Я кивнула, делая вид, что поняла, но боль разбилась на тысячу осколков, которые кололи и резали меня. Одно дело знать про расизм, а другое – на себе почувствовать напор подобного гнева. Я машинально пошла за тетей к автобусной остановке, откуда нам предстояло поехать обратно в нашу клетку в Северной Филадельфии. В место, где нам предписано было находиться. Нас загнали как свиней в слишком тесный загон, и там нельзя было мечтать или дышать. Нам каждый день приходилось сражаться за еду, за деньги на проезд. А эта поездка в даунтаун показала мне, что бороться приходится даже за то, что должно быть бесплатным, – за наше достоинство.
Глава 12Туши светЭлинор
Элинор научилась придумывать оправдания, чтобы в выходной переночевать у Уильяма, так же хорошо, как подбирать нужный размер одежды клиенткам в магазине. А когда не получалось встретиться, она занимала одну из трех телефонных кабинок на первом этаже общежития, среднюю, и прогоняла других девушек, стоило им даже попытаться к ней подойти. На звонки выделялось не больше сорока пяти минут, и Уильям звонил каждый будний день ровно в девять. Элинор нравилась его точность и обязательность.
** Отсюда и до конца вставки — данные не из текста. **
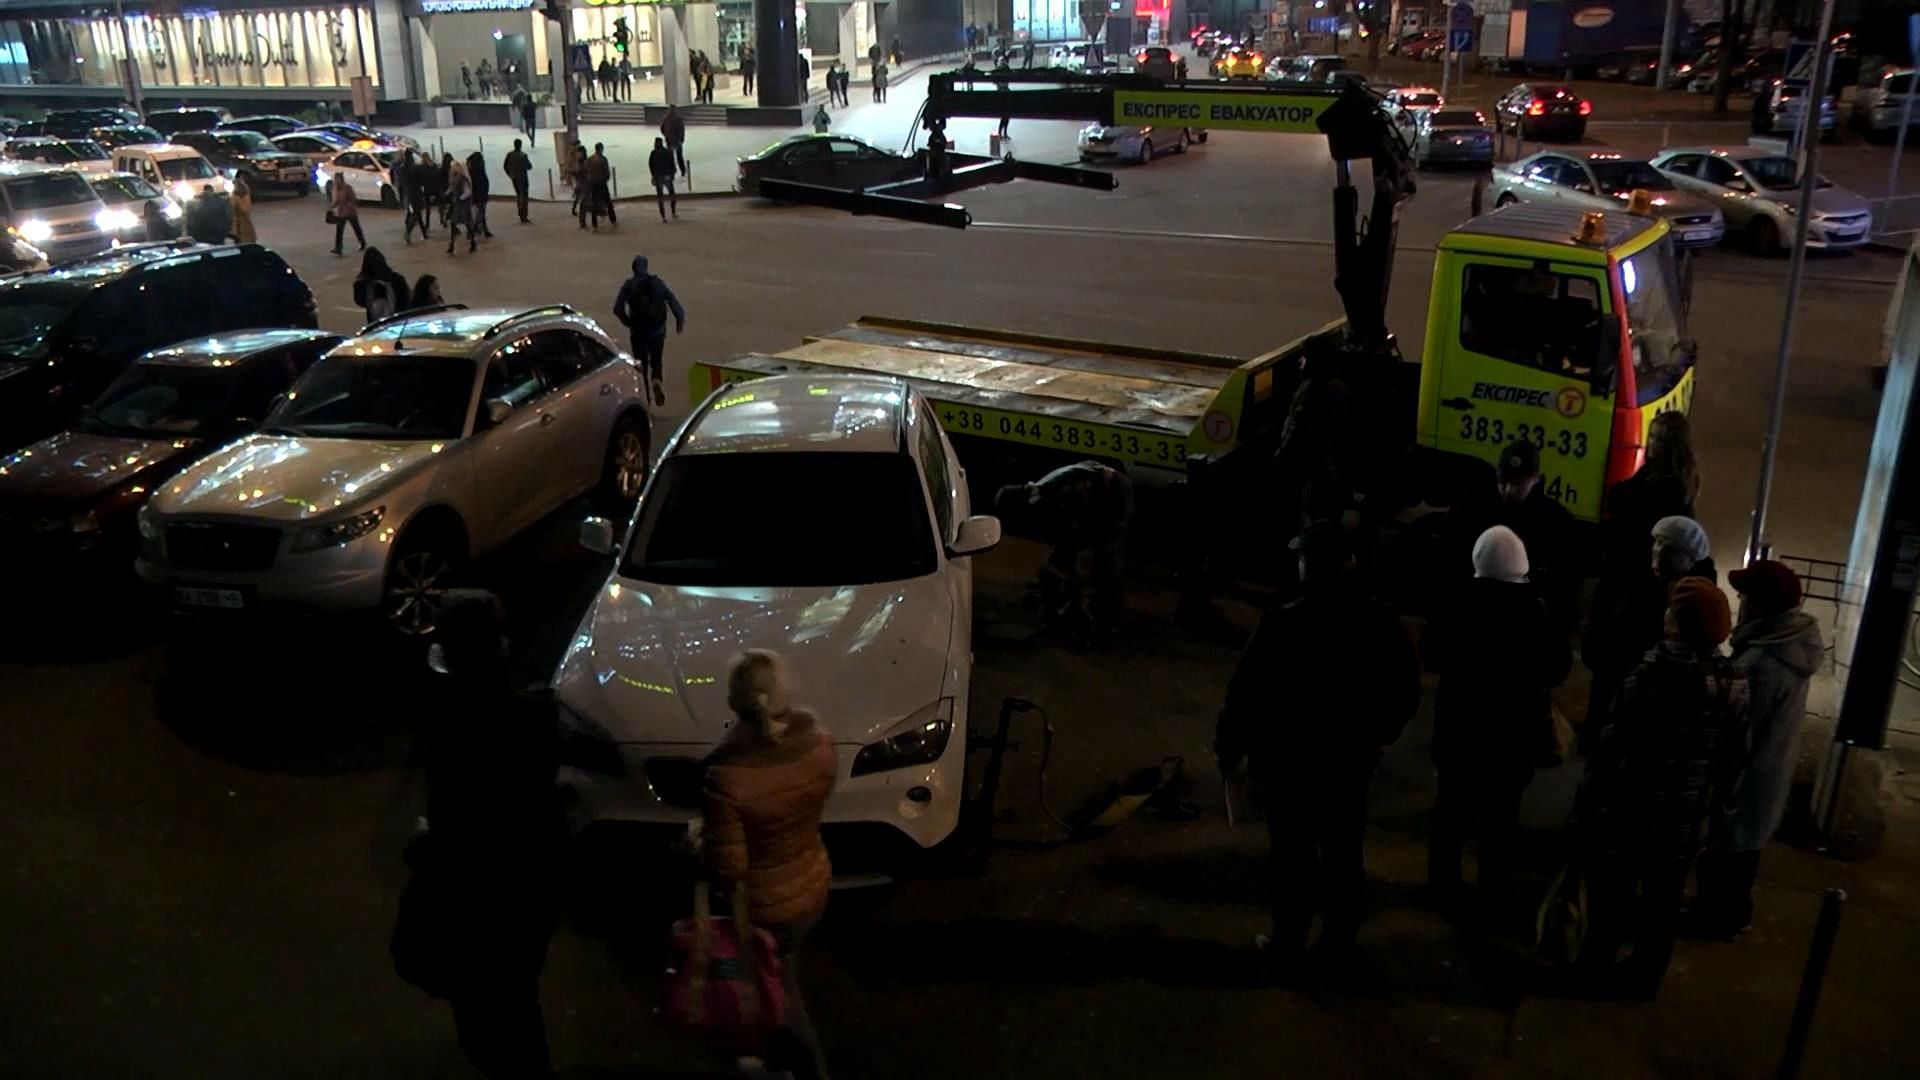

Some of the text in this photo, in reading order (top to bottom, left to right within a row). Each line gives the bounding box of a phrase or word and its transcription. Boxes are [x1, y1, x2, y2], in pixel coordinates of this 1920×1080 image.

Надежный мужчина, прямо как ее отец.
Каждый вечер он начинал разговор с вопроса о том, как у Элинор прошел день. И ему, похоже, не надоедало слушать во всех подробностях про ее работу в архиве с миссис Портер или про то, как выглядела комната после отбытия Надин на очередную вечеринку – будто там тайфун прошел.
– Ее матери служанку бы приходящую нанять. Я люблю Надин, но она прямо человек-катастрофа, – шутливо замечает Элинор.
Но сколько бы они ни разговаривали, о деньгах она старалась не упоминать. Она не рассказала Уильяму, как ее вызывали к казначею, потому что плата за обучение запоздала, не пожаловалась, что ее сняли со смен в магазине, потому что наняли новых девушек и их требовалось обучать в ее смену.
Меньше всего она хотела, чтобы Уильям решил, будто она им интересуется из-за денег. Родители учили ее быть независимой и самостоятельно выбираться из любой самой сложной ситуации.
Иногда Уильям рассказывал про свои занятия медициной. Он специализировался в общей практике, и ему нужно было в какой‐то мере освоить все направления. Сейчас он изучал инфекционные заболевания – как распознать их у пациента, какие бывают симптомы и как их лечить.
Еще он рассказывал про своего младшего брата Теодора, который жил в Нью-Йорке и учился на юридическом факультете Колумбийского университета.
– Тедди всегда говорил, что побаивается крови, – шутливо сказал Уильям. – Да и я, честно говоря, тоже.
– Тогда почему ты хочешь быть врачом? – изумленно спросила Элинор.
Уильям ответил без малейшей запинки:
– Традиция семьи Прайдов. Мой отец врач, его отец был хирургом, и мой сын тоже будет врачом.
У Элинор мурашки побежали по коже. Семья Уильяма сильно отличалась от всех известных ей семей, и несмотря на то, что они провели вместе уже несколько месяцев, Элинор до сих пор это периодически потрясало.
За пять минут до того, как пора было вешать трубку, Уильям говорил:
– Ладно, малышка, а теперь моя сказка на ночь.
Эта традиция у них началась, когда он подарил ей на Рождество сборник стихов Филлис Уитли. Каждую ночь перед тем, как попрощаться, она читала ему одно или два стихотворения.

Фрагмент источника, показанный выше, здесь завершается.